Prior to the hard fork being delayed, Michael Moro, the CEO of Genesis Global Trading, spoke about the importance of the supply reduction feature, saying that it could be bullish for ETH’s price.
“Being that the inflation rate will drop by a third, it could potentially reduce selling pressure that could come from the miners’ reward,” he said.
Mati Greenspan, the senior market analyst at eToro, also spoke about the event in an email, saying that Constantinople will lead to a new version of Ethereum that is “faster, cheaper, and has 33% less inflation.”
Although the security flaw, which was discovered this past Tuesday by ChainSecurity – a smart contract security audit firm – did lead to a delay of the event, the supply reduction feature that analysts deemed as being bullish will still be implemented when the upgrade occurs next month.
Although it is hard to tell how much of Ethereum’s January price surge is directly the result of investors anticipation of Constantinople, its price did drop nearly 8% after the delay and security flaw were announced earlier this week.
Constantinople Security Flaws to Be Solved in Subsequent Hard Fork
Originally, Constantinople featured five Ethereum Improvement Proposals (EIPs) that were intended to be incorporated all at once. Now, the one EIP that contained the security flaw has been removed from the February hard fork, and will be incorporated at a later time after more thorough testing can be done.

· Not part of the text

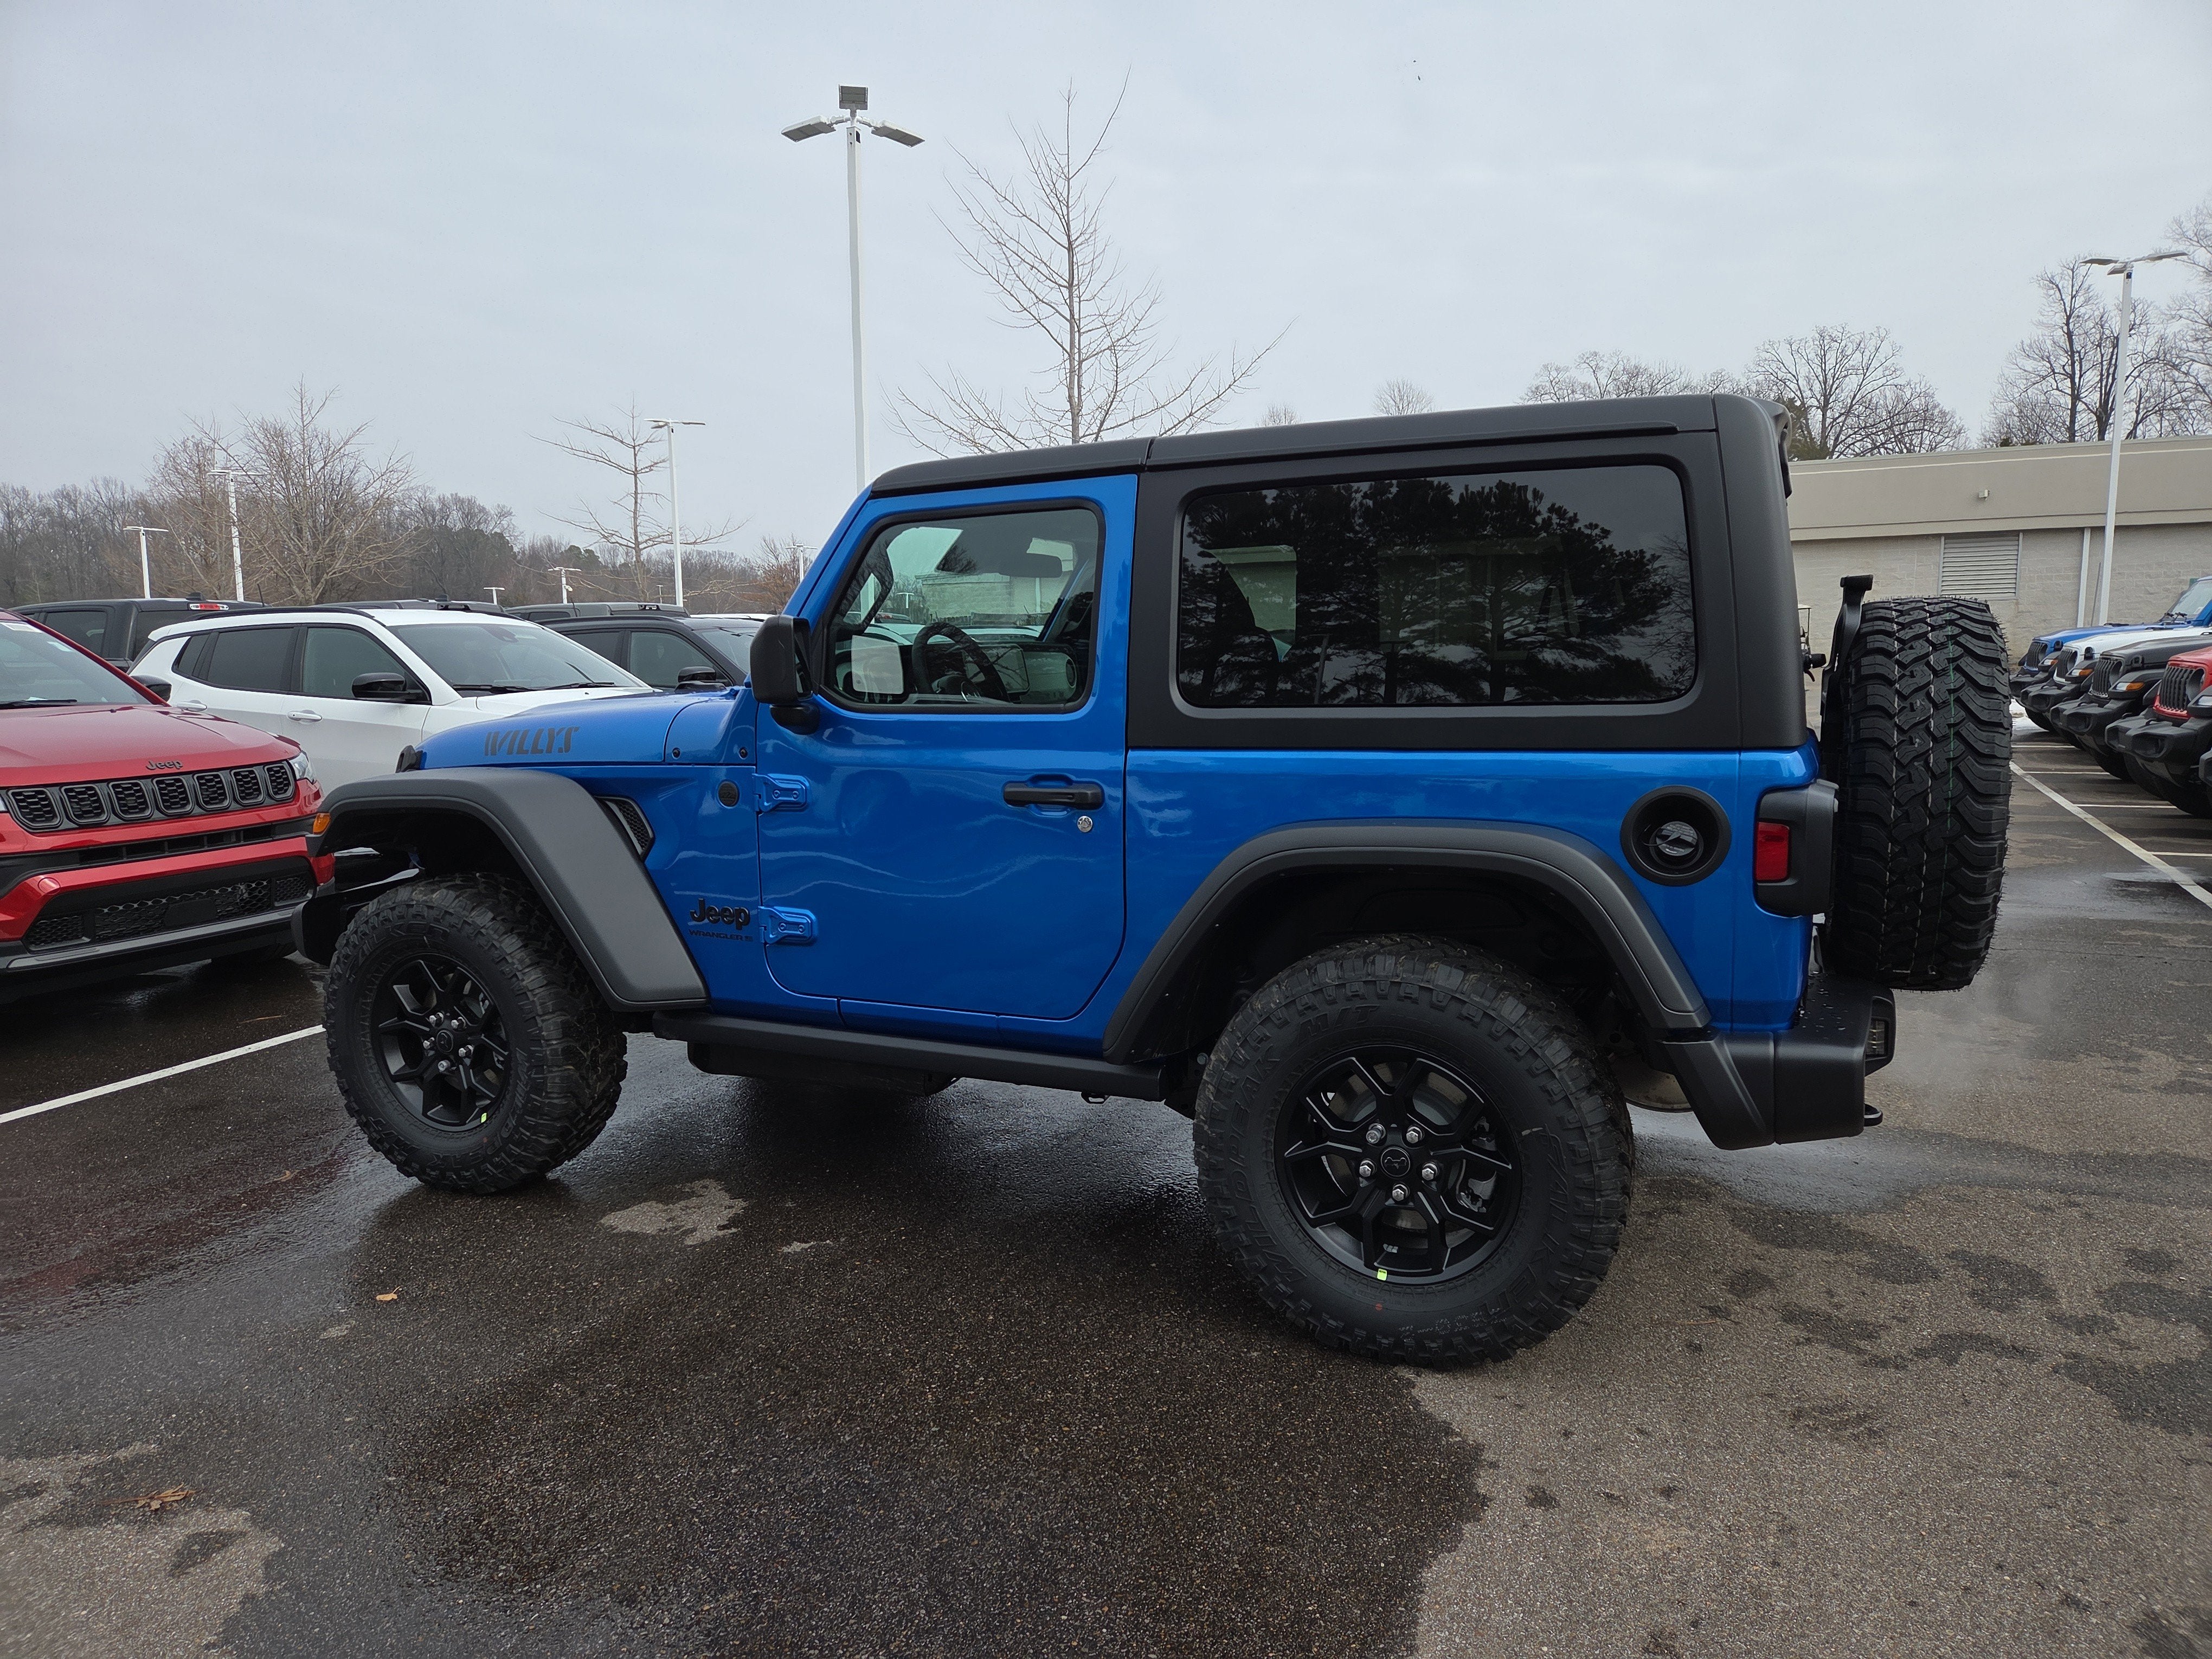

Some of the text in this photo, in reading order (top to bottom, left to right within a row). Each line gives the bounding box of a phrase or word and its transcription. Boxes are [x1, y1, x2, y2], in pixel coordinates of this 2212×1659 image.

[485, 726, 580, 756] WILLYS
[145, 760, 183, 770] Jeep
[690, 898, 750, 930] Jeep
[689, 929, 744, 941] WRANGLER

Péter Szilágyi, an Ethereum developer, spoke about the new hard fork plan in a recent tweet, saying:
“Seems we’re going with block 7.28M for the #Ethereum Constantinople refork scheduled for the 27th of February! Will be a single fork on mainnet and a post-Constantinople-fixup fork on the testnets to get them back in line feature wise with the main network.”
As the new upgrade date nears, investors and traders trying to profit from the event will likely exercise increased caution, as it is possible that there will be further delays if more issues are discovered.